2型糖尿病大鼠肾组织NF-κB水平的变化

江思瑜 孙 霓 李金航 吴晓光

(承德医学院基础医学院，河北 承德 067000)

糖尿病(DM)肾病(DN)具有起病隐袭、进展缓慢、高致残致死率的特点，是发达国家慢性肾衰的首位病因〔1〕。目前已发现高血压、血液改变、氧化应激、炎症机制等参与了DN的形成，但对于DN发病的确切机制尚不完全清楚〔2〕。核因子(NF)-κB作为主要的转录因子之一，具有多向性，参与机体多种生理调节，如：细胞的增殖与凋亡、炎症、免疫等〔3〕。
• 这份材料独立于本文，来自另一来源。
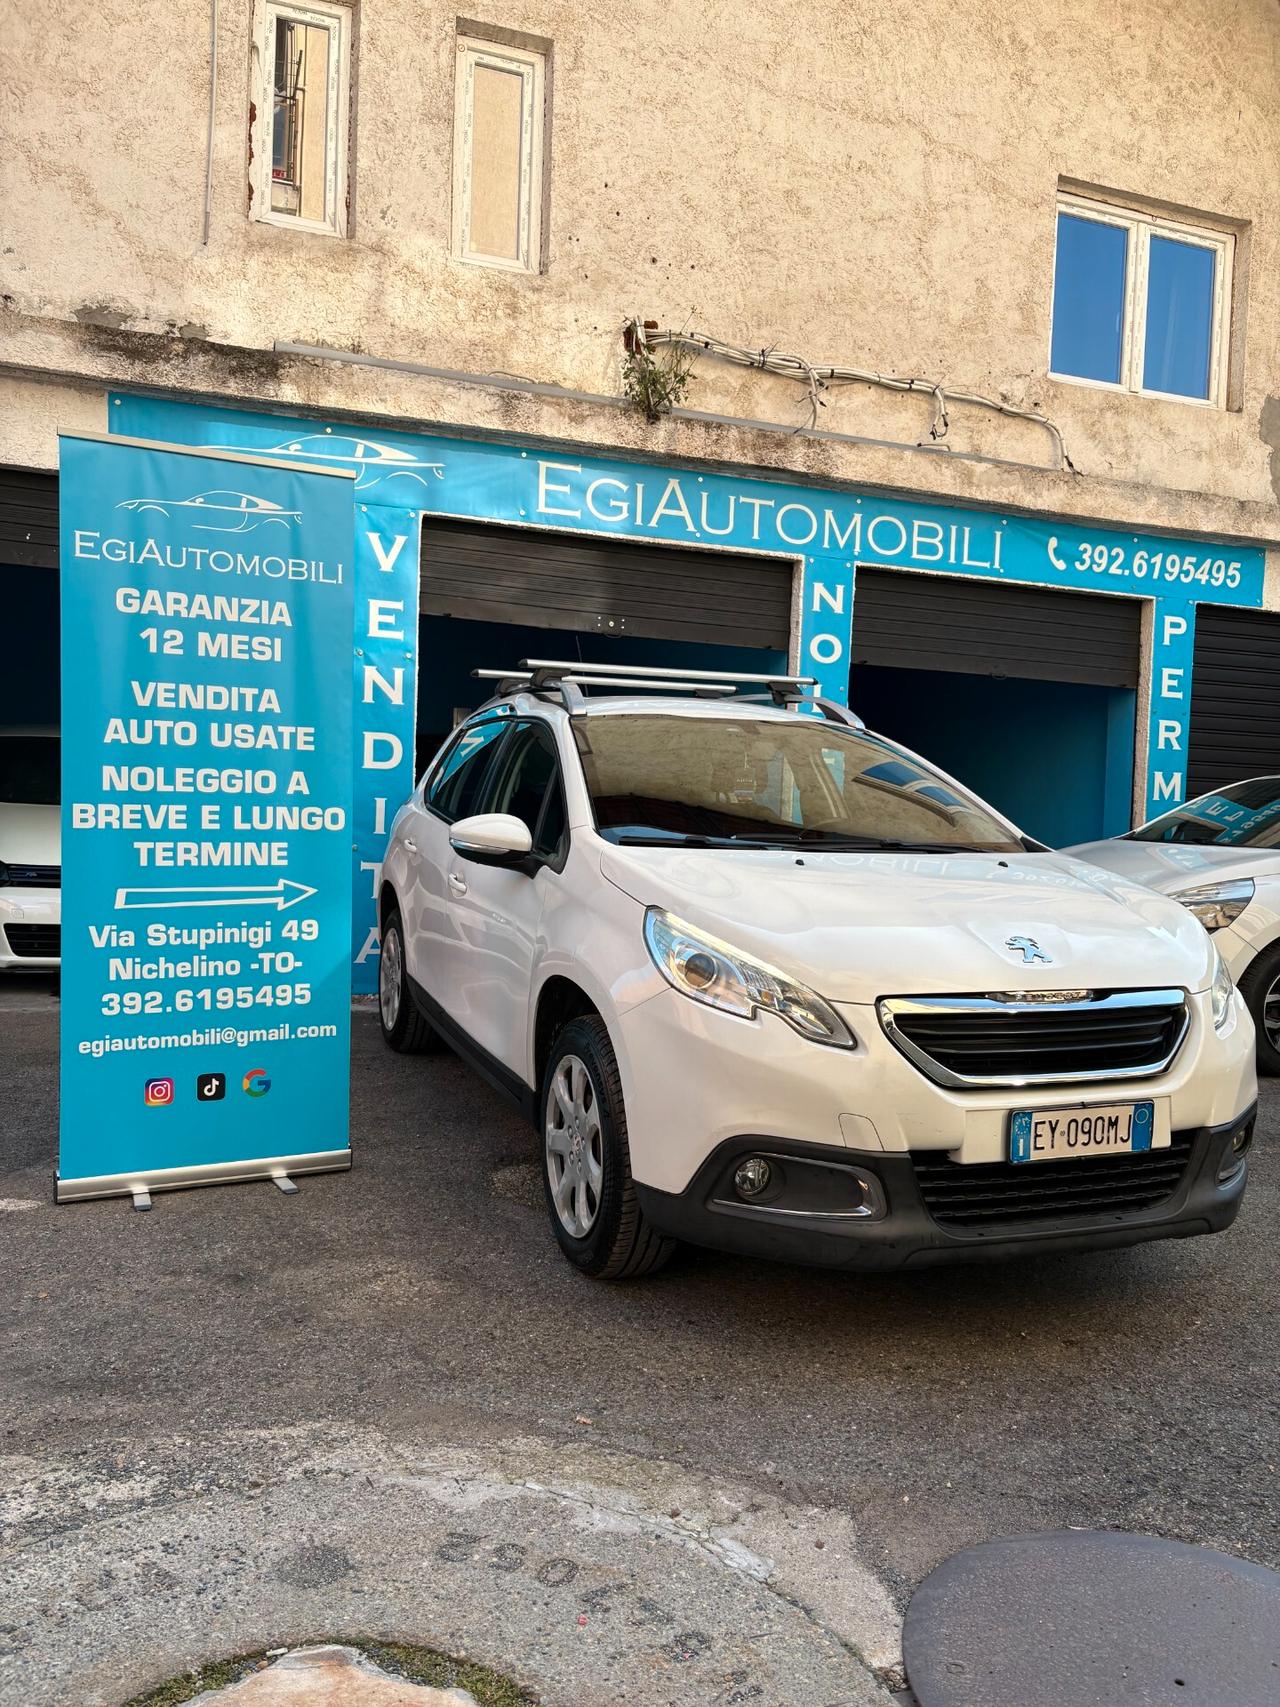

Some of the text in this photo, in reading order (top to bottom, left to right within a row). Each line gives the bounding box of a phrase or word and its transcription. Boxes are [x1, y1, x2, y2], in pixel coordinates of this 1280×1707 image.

本研究旨在探究NF-κB在DN形成中所扮演的作用。

1 材料与方法

1.1材料 100只健康SD大鼠(北京维通利华实验动物技术有限公司)，高脂高糖饲料(北京博泰宏达生物技术有限公司)，链脲佐菌素(STZ)(美国Sigma公司)，兔抗鼠p50单克隆抗体(Santa Cruz公司)，二氨基联苯胺(DAB)试剂盒与SABC试剂盒(武汉博士德生物工程有限公司)。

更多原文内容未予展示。